Sometimes horses, like people, are just too good lookin’ for their own good. Or anybody else’s for that matter. Remember the junior high ne’er-do-well who had all the girls ga-ga?

Well, no one is about to put Supreme Ghost in the same company as a teen-age loser; he’s anything but. Yet he does attract attention wherever he goes and plenty of it. He’s an eye-catcher and has been since trainer Troy Bethke began breaking him as a yearling.
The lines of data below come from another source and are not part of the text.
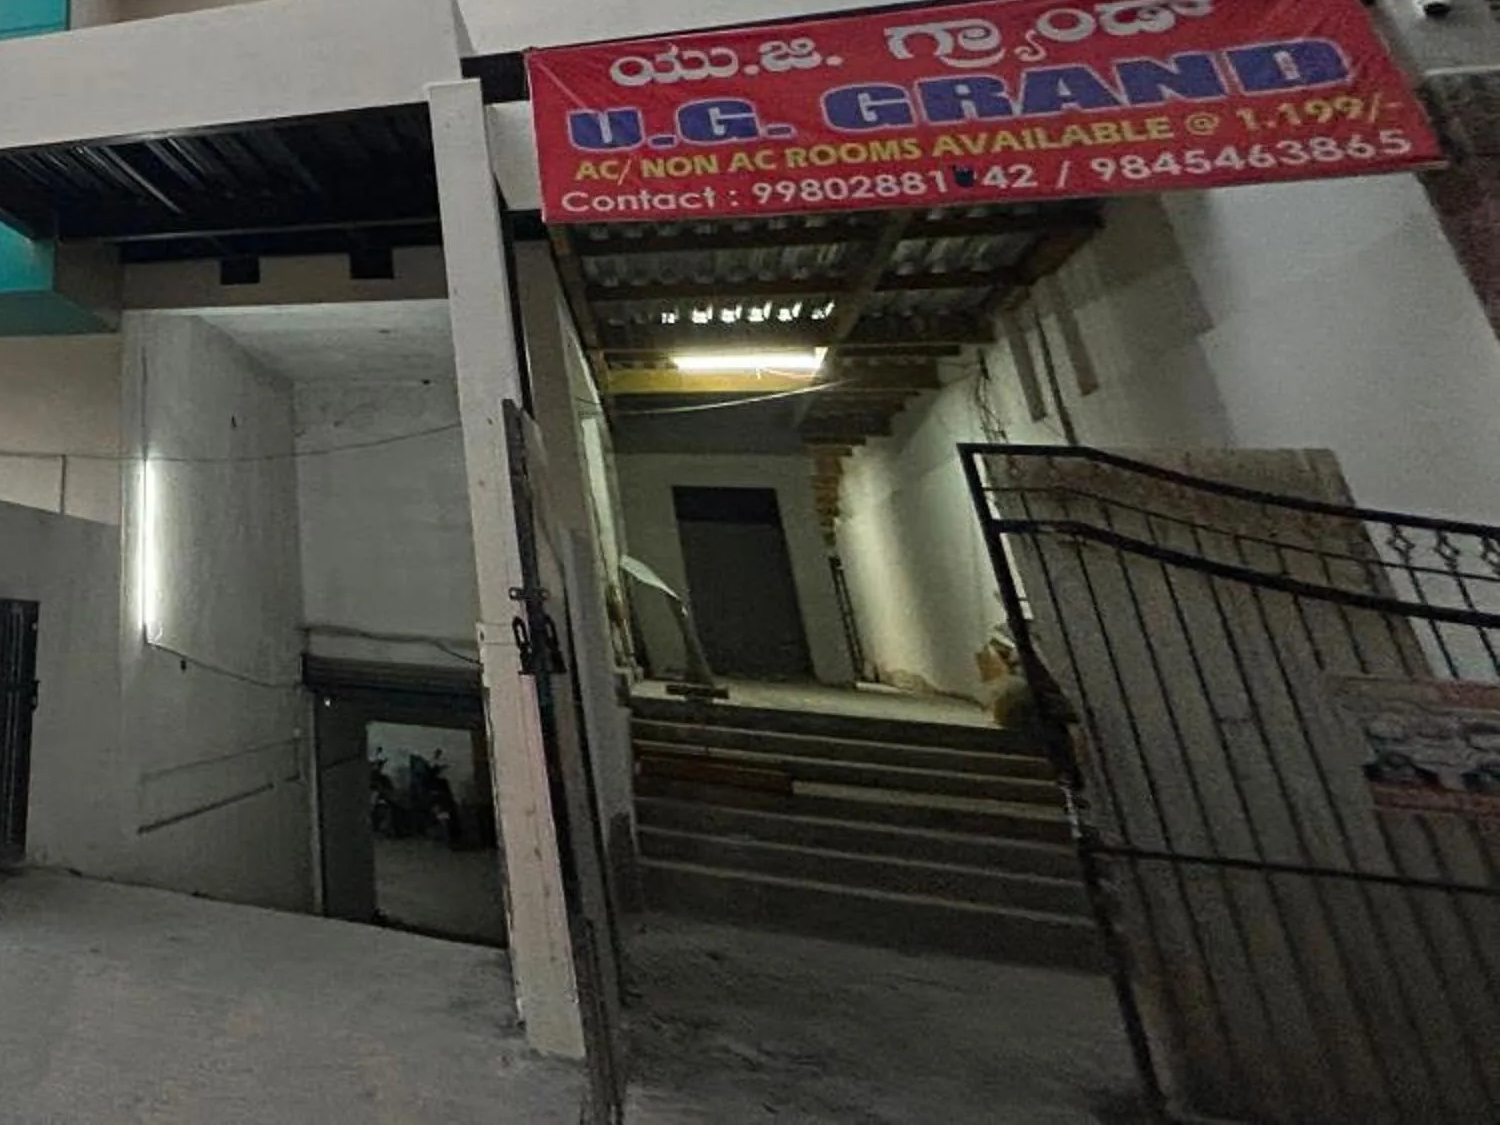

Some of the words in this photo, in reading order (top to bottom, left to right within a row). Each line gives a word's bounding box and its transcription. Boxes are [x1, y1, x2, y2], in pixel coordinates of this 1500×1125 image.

[567, 96, 798, 153] U.G.
[821, 36, 1353, 133] GRAND
[561, 185, 716, 213] Contact
[751, 163, 1040, 205] 9980288142
[1091, 128, 1412, 183] 9845463865
[641, 154, 719, 179] NON
[730, 148, 777, 173] AC
[785, 134, 922, 168] ROOMS
[931, 116, 1174, 157] AVAILABLE
[1186, 111, 1220, 135] @
He is eye-candy for horse lovers of any stripe, and they demonstrate it constantly with inquiries about his availability.

People asked Bethke the first time they saw this dappled gray movie star on the backside if he might be for sale.

“When I had the horse, I had lots and lots of offers,” he said. “He’s just a beautiful animal, gorgeous.”

When Bethke first put the Ghost under saddle there were those who hoped he might not make it as a racehorse so they could put him in their own barn for dressage or as a trail horse or a jumper.

Although she will never wish ill luck of any kind on this beauty, there is a part of Tember Graves that is very pleased Supreme Ghost is now in her barn instead of a racetrack stall, where she first got to know him as one of the horses she groomed for Bethke last summer.

The Ghost is now at the farm where Tember lives in Prior Lake and nothing much has changed in one regard.

“Some of the neighbors saw him and wanted to know if he might be for sale,” she said.

Imagine that, the horse hasn’t been gone from Canterbury Park a month and already horse lovers are lining up the instant they lay eyes on this handsome son of Supremo.

Graves is the daughter of Sandra Sweere – who worked for Bethke several meets before taking out her own training license – and although she cared equally for all of the horses she groomed, she did develop an affection for the Ghost.

“I fell in love with him,” Tember said. “And I probably did give him a few extra scratches when I cared for him.”

Now imagine the reaction when her mother presented Supreme Ghost to her as a 28th birthday present last September. “I got him the last week of the meet,” Graves said. “Yes, I was very surprised.”

There were a few conditions. Supreme Ghost would run during the current meet, his five-year-old season, and Sandra and Tember would share expenses.

Those plans changed because of the ill luck that seems to follow the Ghost like a curse and his connections’ unwillingness to push him through injuries that have mounted over time.

Here is a brief chronology of the Ghost’s ill-fated and abbreviated career:

Bred by Dennis Strohkirch and raced in partnership with Carin Offerman, Supreme Ghost arrived at Canterbury Park as a two-year-old. “He messed up his hock in the stall and we thought he was done racing,” Bethke recalled. “But he came out of it.”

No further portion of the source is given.